*** Begin section ***

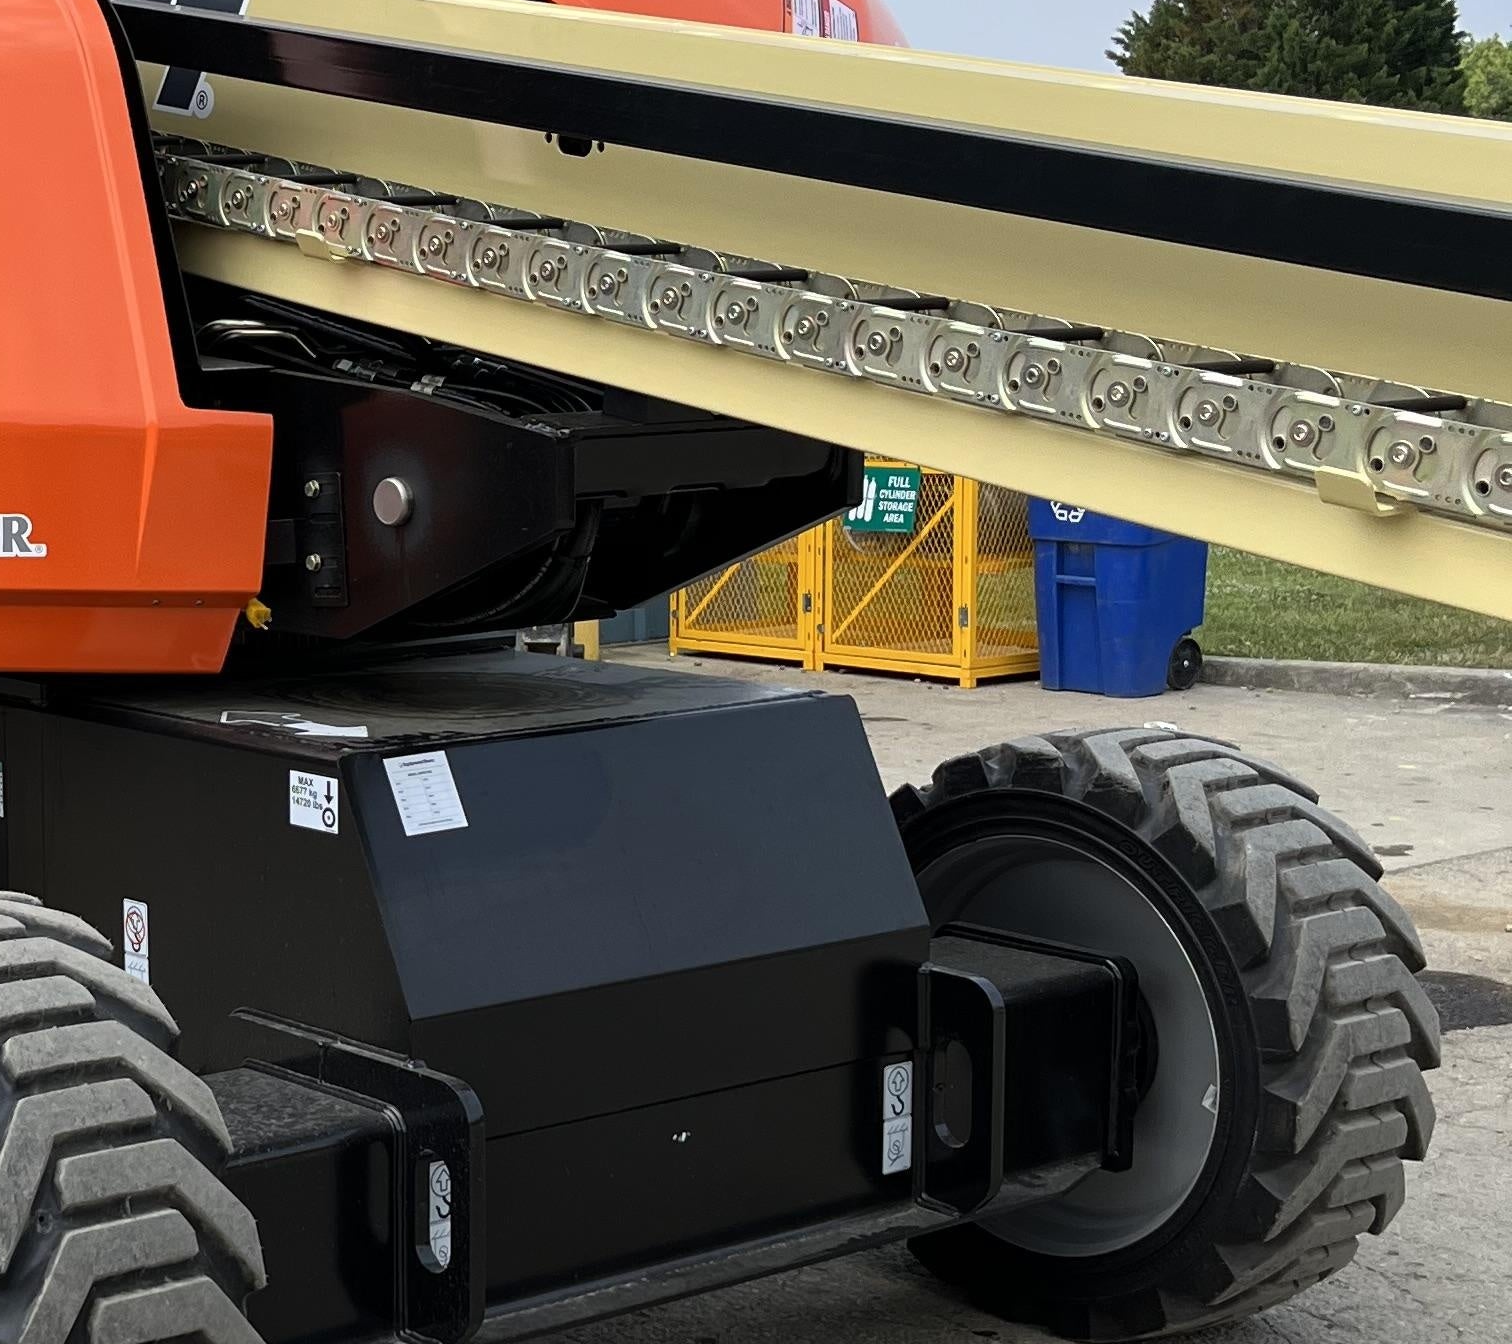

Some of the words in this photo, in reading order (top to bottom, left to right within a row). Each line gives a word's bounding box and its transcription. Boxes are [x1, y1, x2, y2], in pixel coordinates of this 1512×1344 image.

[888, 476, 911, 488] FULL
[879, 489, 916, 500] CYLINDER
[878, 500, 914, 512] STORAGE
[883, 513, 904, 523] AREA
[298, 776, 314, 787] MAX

*** End section ***

**What you are asked to do**
Set the whole listing down again unchanged, apart from the pictures, which are omitted.

**Result of the exercise**
Some of the words in this photo, in reading order (top to bottom, left to right within a row). Each line gives a word's bounding box and its transcription. Boxes are [x1, y1, x2, y2], in pixel coordinates of this 1512×1344 image.

[888, 476, 911, 488] FULL
[879, 489, 916, 500] CYLINDER
[878, 500, 914, 512] STORAGE
[883, 513, 904, 523] AREA
[298, 776, 314, 787] MAX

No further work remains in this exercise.